On the face of it, they were very different.
In the Kyle-Krystal-Briahna conversation,
the issues were: 1) whether Cornel West should be running as a third
party candidate rather than as a Democrat challenging Joe Biden within the
Democratic party, with Kyle and Krystal arguing for the latter and 2) whether
or not there is a substantive reason for leftists to vote for Joe Biden, who,
it was presumed, would be the Democratic nominee next November—with Kyle and
Krystal arguing that Biden had “surprisingly” earned that support, and Briahna
staunchly refusing.
In the Jimmy Dore-Cornel West conversation,
on the other hand, no one was arguing against Cornel running third-party,
and no one was arguing for voting for Biden. Jimmy supports Cornel’s
third-party run, and Cornel continually states his objection to “milquetoast
neoliberal” Biden, and never explicitly suggests that anyone should vote for
him.
Dore was, somewhat clumsily, pressing
Cornell West on something else, and did so in a way that lost focus and allowed
the conversation to get sidetracked. There’s a specific, precise question that
Jimmy could have asked, which would have gotten the answer about Cornel’s
campaign that I think he was looking for.
I should say, first of all, that I know
Cornel West. We were colleagues at Princeton together back in the day and ran
in the same social and intellectual circles.
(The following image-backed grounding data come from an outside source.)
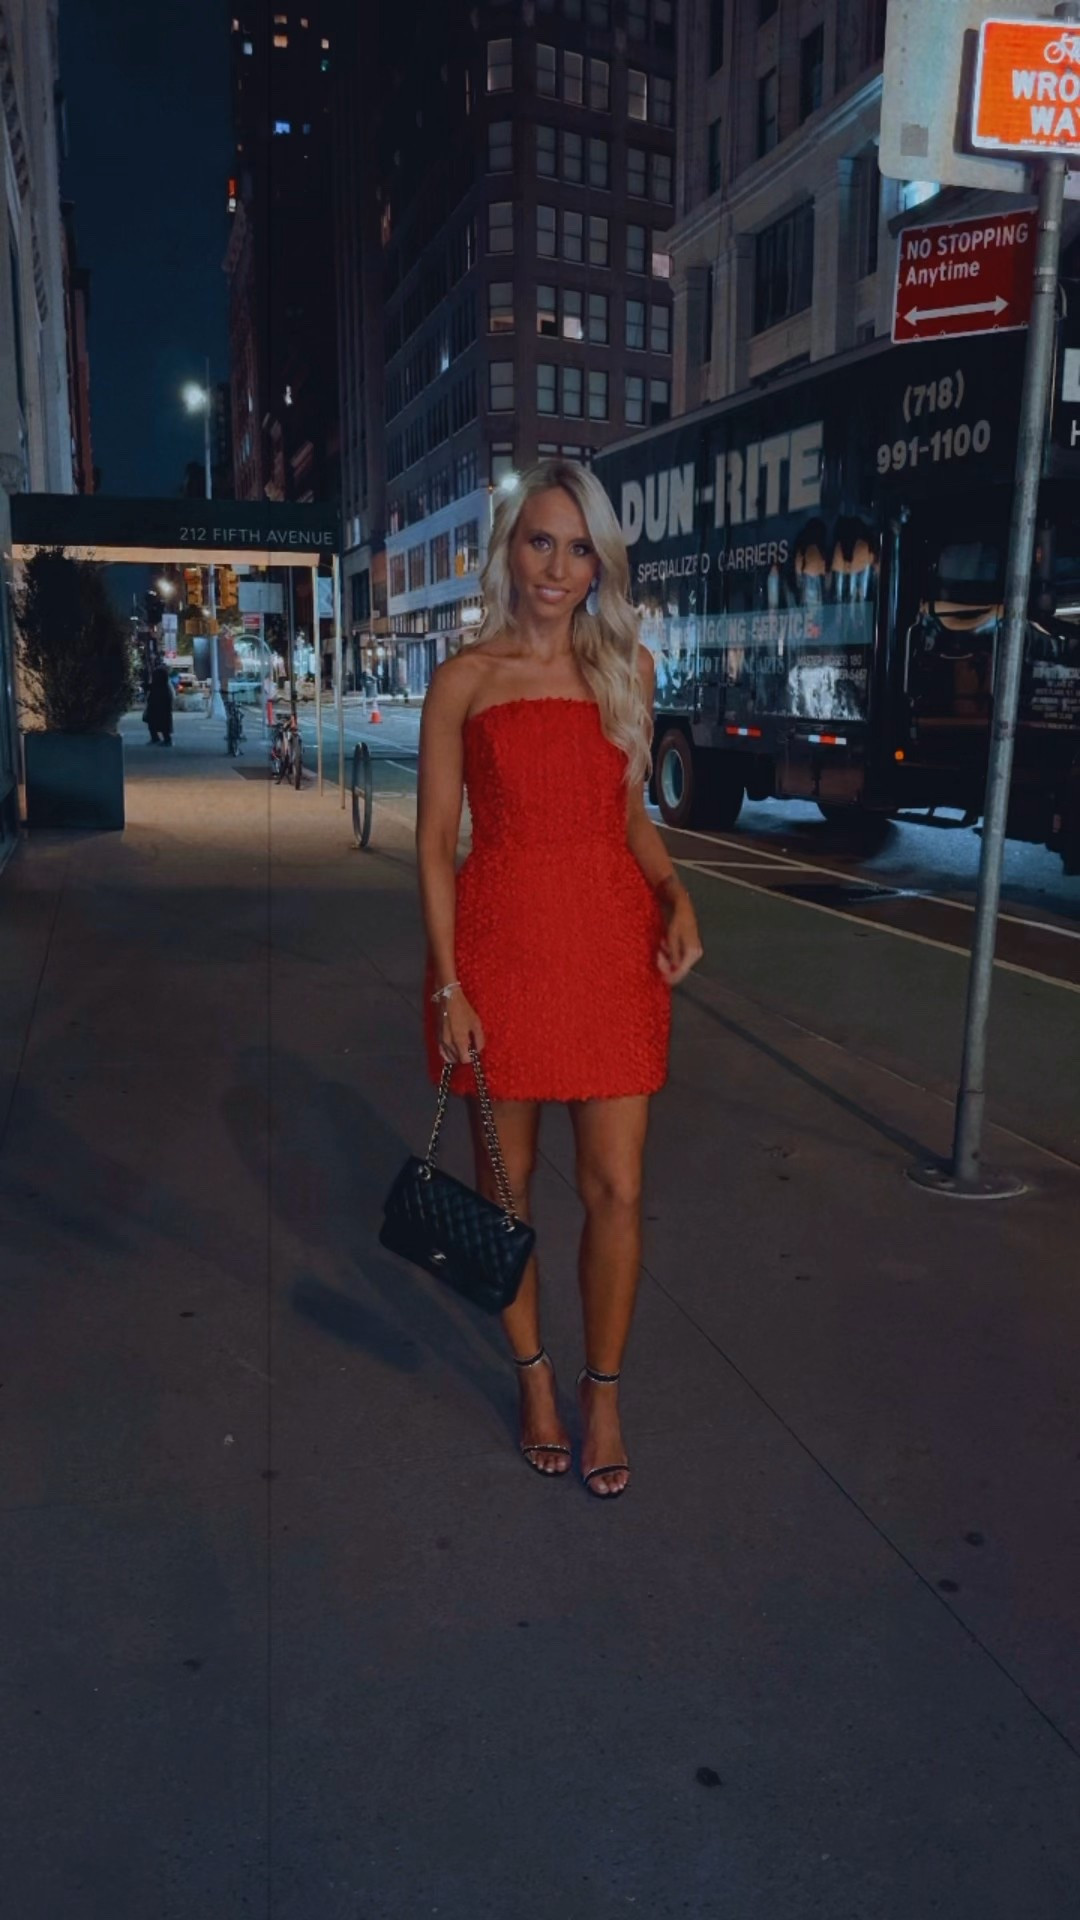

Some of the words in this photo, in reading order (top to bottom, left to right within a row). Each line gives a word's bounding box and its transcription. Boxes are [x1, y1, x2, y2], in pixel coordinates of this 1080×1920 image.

[906, 239, 931, 260] NO
[937, 222, 1028, 256] STOPPING
[905, 260, 980, 288] Anytime
[903, 368, 965, 423] (718)
[876, 420, 991, 474] 991-1100
[621, 422, 824, 547] DUN-RITE
[179, 527, 207, 541] 212
[213, 528, 261, 542] FIFTH
[266, 530, 334, 545] AVENUE
[718, 539, 789, 573] CARRIERS
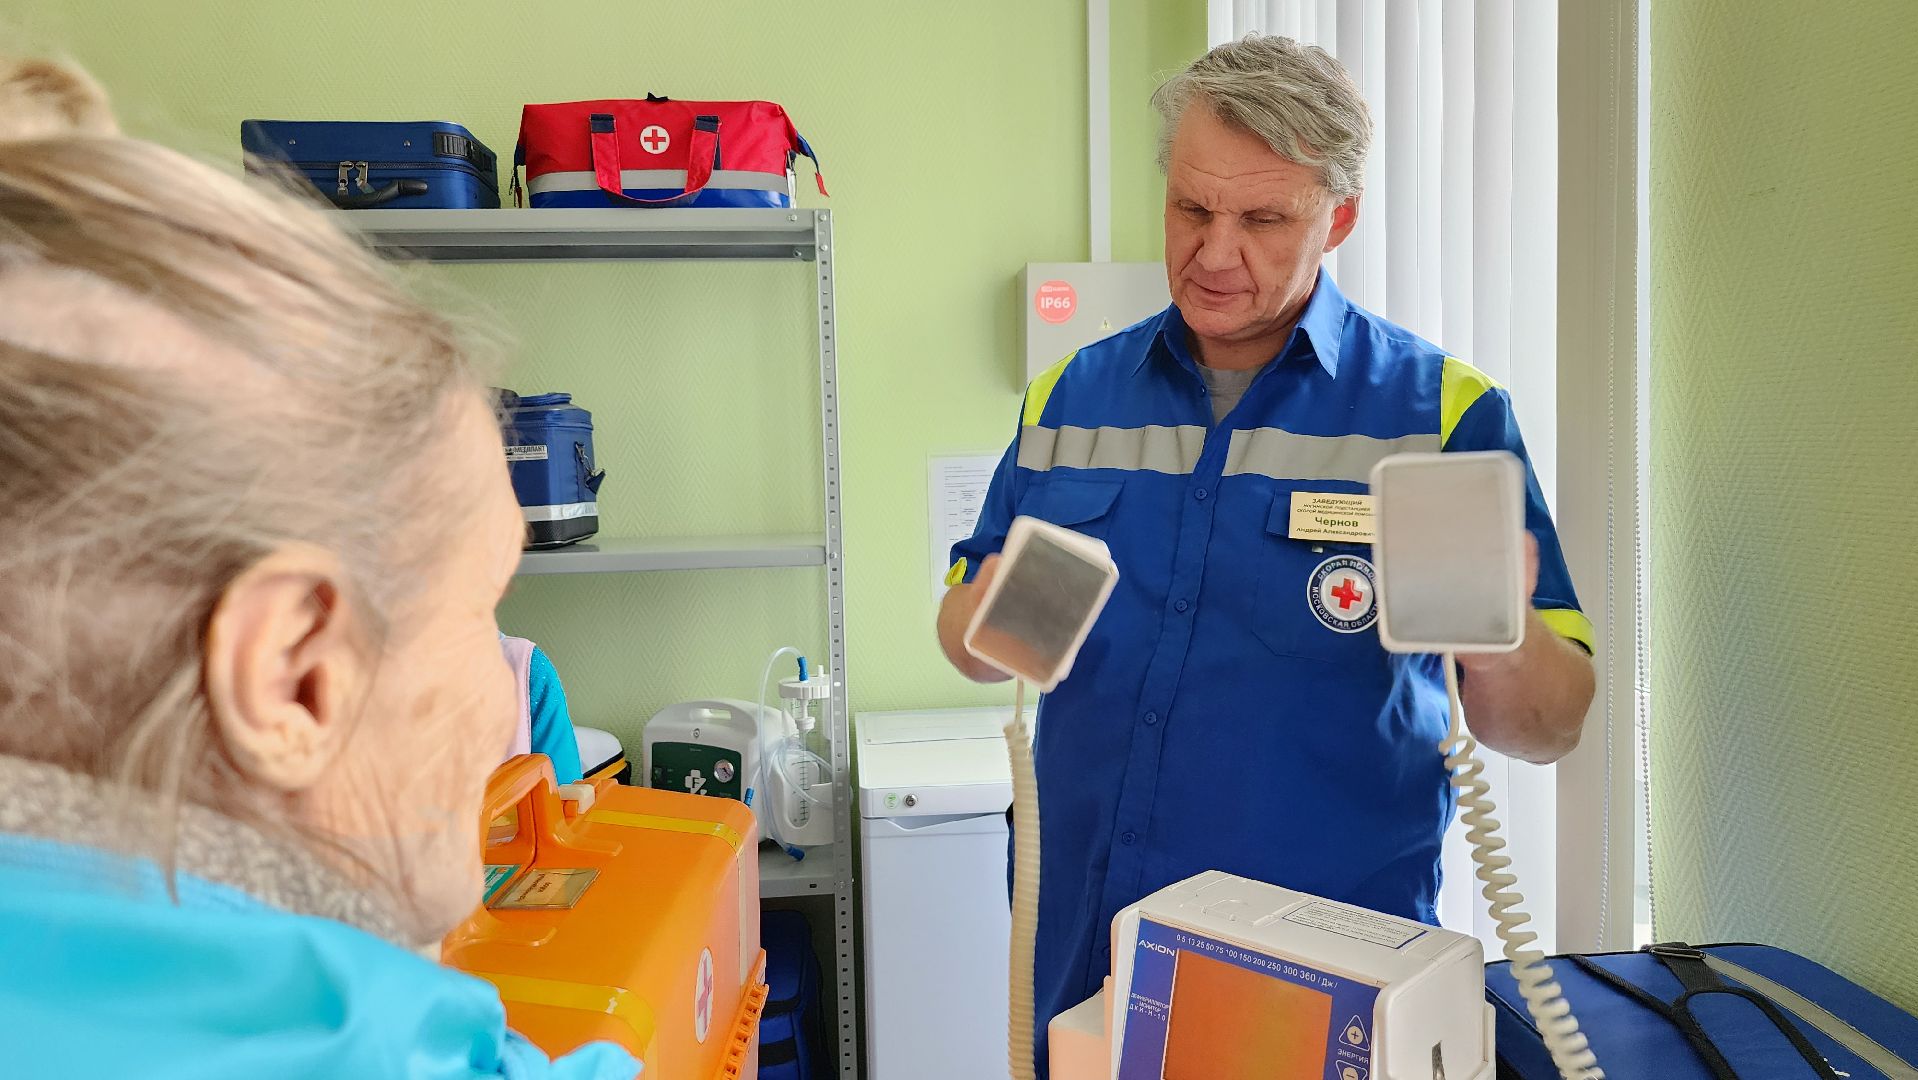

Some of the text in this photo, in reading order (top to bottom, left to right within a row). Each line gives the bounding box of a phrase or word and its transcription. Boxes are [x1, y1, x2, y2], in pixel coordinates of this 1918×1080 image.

[1041, 296, 1070, 309] IP66
[1312, 498, 1363, 506] ЗАВЕДУЮЩИЙ
[1315, 516, 1359, 528] Чернов
[1317, 559, 1348, 580] СКОРАЯ
[1312, 586, 1349, 628] МОСКОВСКАЯ
[1138, 939, 1176, 957] AXION
[1196, 940, 1205, 949] 25
[1205, 942, 1214, 951] 50
[1215, 945, 1224, 954] 75
[1225, 948, 1238, 959] 100
[1239, 953, 1252, 963] 150
[1252, 957, 1266, 967] 200
[1267, 961, 1281, 972] 250
[1283, 965, 1298, 977] 300
[1299, 970, 1316, 982] 360
[1337, 1048, 1369, 1064] ЭНЕРГИЯ
He's a great guy, I respect him
enormously, and he certainly has the best overall political position of anybody
now running for president.
Nonetheless, there are important issues regarding
the relation of Cornel and the Green Party’s campaign to the Democratic Party
and Biden (or whoever is the Democratic nominee) that Jimmy was trying to get
at, and that a lot of people on the left, myself included, want to understand precisely.
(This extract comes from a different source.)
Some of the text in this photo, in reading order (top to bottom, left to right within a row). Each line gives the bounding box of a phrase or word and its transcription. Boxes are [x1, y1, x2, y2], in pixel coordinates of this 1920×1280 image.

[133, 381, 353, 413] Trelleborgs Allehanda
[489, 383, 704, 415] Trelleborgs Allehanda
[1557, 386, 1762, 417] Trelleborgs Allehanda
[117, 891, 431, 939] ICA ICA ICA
Jimmy Dore missed the opportunity to pose a key question that would have clarified
that. It’s a question that we, and Cornel, should know the answer to.
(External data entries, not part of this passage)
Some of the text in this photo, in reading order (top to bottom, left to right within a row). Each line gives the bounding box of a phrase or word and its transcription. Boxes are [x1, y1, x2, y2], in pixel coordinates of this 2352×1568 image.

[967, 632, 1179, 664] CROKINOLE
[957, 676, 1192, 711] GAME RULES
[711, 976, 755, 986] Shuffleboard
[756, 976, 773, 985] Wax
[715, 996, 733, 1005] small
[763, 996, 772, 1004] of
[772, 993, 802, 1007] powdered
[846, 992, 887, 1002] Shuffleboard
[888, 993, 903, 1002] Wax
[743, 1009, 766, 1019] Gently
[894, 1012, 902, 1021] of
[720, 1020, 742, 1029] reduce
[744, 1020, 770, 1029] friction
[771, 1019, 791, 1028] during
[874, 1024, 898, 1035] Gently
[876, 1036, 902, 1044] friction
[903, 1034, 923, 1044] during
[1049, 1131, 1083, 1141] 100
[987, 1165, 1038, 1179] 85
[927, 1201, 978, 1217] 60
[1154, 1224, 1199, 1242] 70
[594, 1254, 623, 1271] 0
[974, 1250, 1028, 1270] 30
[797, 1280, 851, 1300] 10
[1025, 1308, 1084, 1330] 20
So, I asked him. On Monday, September 11th, I sent Cornel an email asking this question:
Will you, actively campaign for every vote in every state, no matter who the Democratic and Republican nominees are and no matter what effect that has on either of them?
Or, come the crunch in November—when, we are told, the outcome in four states will decide the election—is there some possibility that you will adopt what's been the previous Green Party strategy of saying that voters in swing states should vote for the Democrat in order to stop Trump or whoever is the Republican nominee?